1. COMPLAINT AND TEMPORARY PROCEEDINGS

Aimee and Corey dated from August to November 2014, during which time Aimee lived in Kearney and Corey lived in Kansas City. In February 2015, Aimee informed Corey that she was pregnant with his child. Aimee and Corey began dating again in April, and a few months later Corey moved to Kearney. Aimee gave birth to Copper, a daughter, in August of that year.

Aimee and Corey stopped dating in July 2016, and on July 28 Aimee filed a complaint to establish paternity, custody, visitation, and support. In her complaint, Aimee alleged that Copper has been in her custody from birth and asked the court to grant her temporary and permanent custody of Copper. On September 20, the district court entered a temporary order granting Aimee sole legal and physical custody, subject to Corey's parenting time, and ordering Corey to pay child support. The court calculated Corey's child support obligation based on Corey earning $5,000 per month.

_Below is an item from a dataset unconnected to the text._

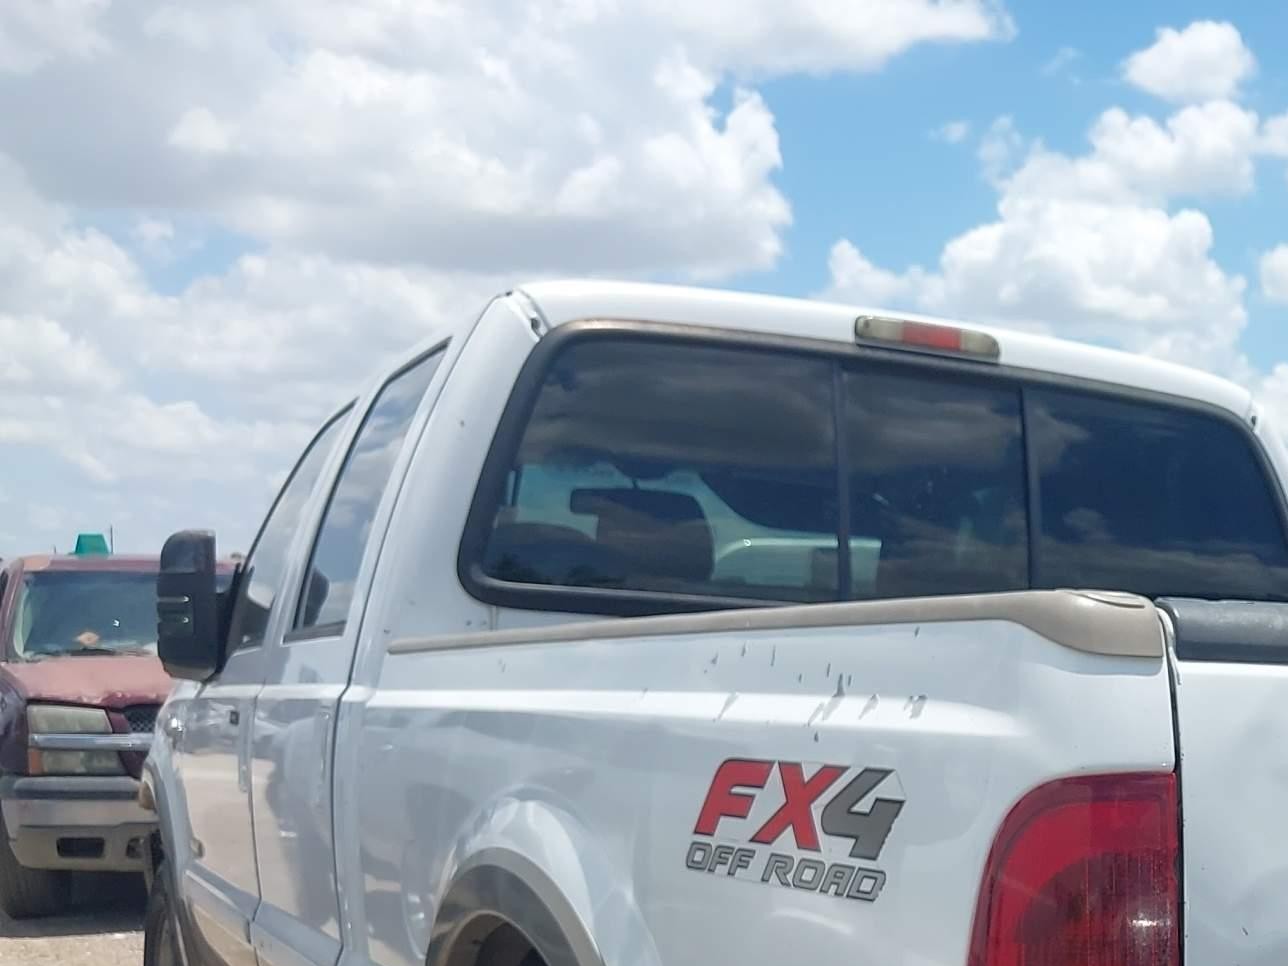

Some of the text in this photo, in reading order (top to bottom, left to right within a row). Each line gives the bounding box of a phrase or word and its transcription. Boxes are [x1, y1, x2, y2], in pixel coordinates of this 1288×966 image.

[693, 757, 906, 861] FX4
[686, 841, 887, 902] OFF ROAD

On September 22, 2016, Corey filed an answer to Aimee's complaint, specifically denying that Aimee had custody of Copper from birth and that it would be in Copper's best interests to be in Aimee's care. The next day Corey filed a motion for reconsideration and to alter the court's temporary order. On November 1, the district court entered an order, modifying the September 20 temporary order to allow Corey to have parenting time on days that Aimee is working and he is not. The court also gave Corey parenting time whenever Aimee travels overnight for business purposes.

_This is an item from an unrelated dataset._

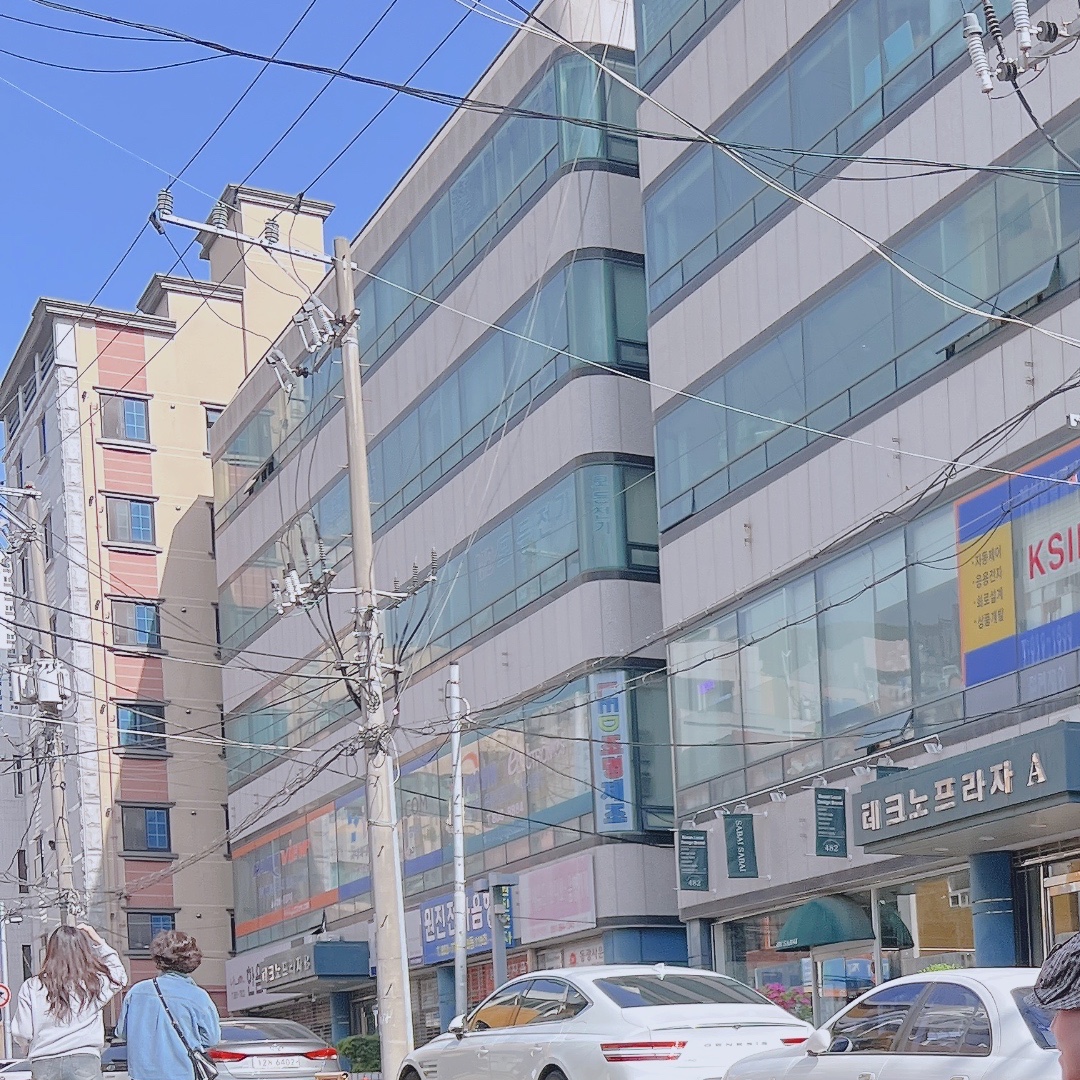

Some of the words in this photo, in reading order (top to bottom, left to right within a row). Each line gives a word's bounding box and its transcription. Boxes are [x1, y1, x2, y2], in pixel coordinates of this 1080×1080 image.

[861, 759, 1014, 831] 테크노프라자
[1026, 751, 1048, 788] A
[735, 820, 745, 846] SABAI

Corey thereafter filed a counterclaim, alleging that Copper lived with both parties until the court entered the September 20, 2016, temporary order. Corey asked the court to award him sole physical and legal custody, alleging that arrangement would be in Copper's best interests. In the alternative, Corey requested that the court award the parties joint legal and physical custody, alleging that arrangement would be in Copper's best interests. Aimee filed a reply to Corey's counterclaim, generally denying the allegations it contained.

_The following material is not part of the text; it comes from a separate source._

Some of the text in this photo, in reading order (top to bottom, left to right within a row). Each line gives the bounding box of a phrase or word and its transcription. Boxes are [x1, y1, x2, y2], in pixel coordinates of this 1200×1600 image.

On November 29, 2016, the district court entered an order clarifying its November 1 order. The court noted its November 1 order was motivated by this court's decision in Thompson v. Thompson, 24 Neb. App. 349, 887 N.W.2d 52 (2016), which "reversed and remanded an experienced District Judge with directions to formulate a new parenting plan, taking into consideration the father's available parenting days." The court explained that under its November 1 order, Corey is "working" when he is primarily engaged in employment activities, which may occur at home. The court directed Aimee to text message Corey her work and travel schedule by 5 p.m. on Sunday and directed Corey to inform her by 7 p.m. if he wants parenting time during Aimee's work or travel.

2. TRIAL

Trial was held on November 13, 2017.

(a) Aimee's Testimony

Aimee testified that she is an assistant buyer for a clothing company. She works from 8:30 a.m. to 5 p.m. Monday through Friday, and she never works holidays or weekends. Her work requires her to travel about once a month, sometimes more and sometimes less, to markets at various locations around the country. Her typical trip is 3 days and 2 nights long, but the trips are sometimes shorter and can be as brief as 1 day and 2 nights. In Aimee's suggested parenting plan, she provided that Corey would have the right of first refusal to watch Copper when she was absent from her residence for her employment for more than 72 hours. She admitted, however, that even her longest business trips do not last more than 72 hours and that under her proposed arrangement Corey would never be able to watch Copper. Aimee felt that having her parents watch Copper while she traveled was in Copper's best interests.

Other than briefly living with her parents between leases, Aimee has lived in her own apartment since she moved to Kearney. She and Corey never lived together. Aimee took care of Copper during her 9-week maternity leave while Corey was traveling and interviewing for jobs in Kearney. When Corey moved to Kearney, Aimee and Copper spent the night at his house a couple times each week. Aimee admitted that at some point during this time, she and Corey were spending roughly equal amounts of time with Copper. Aimee and Corey used Aimee's sister-in-law, Sarah Blauvelt, as their daycare provider. If Corey was home or leaving late for work, he would watch Copper instead of taking her to daycare.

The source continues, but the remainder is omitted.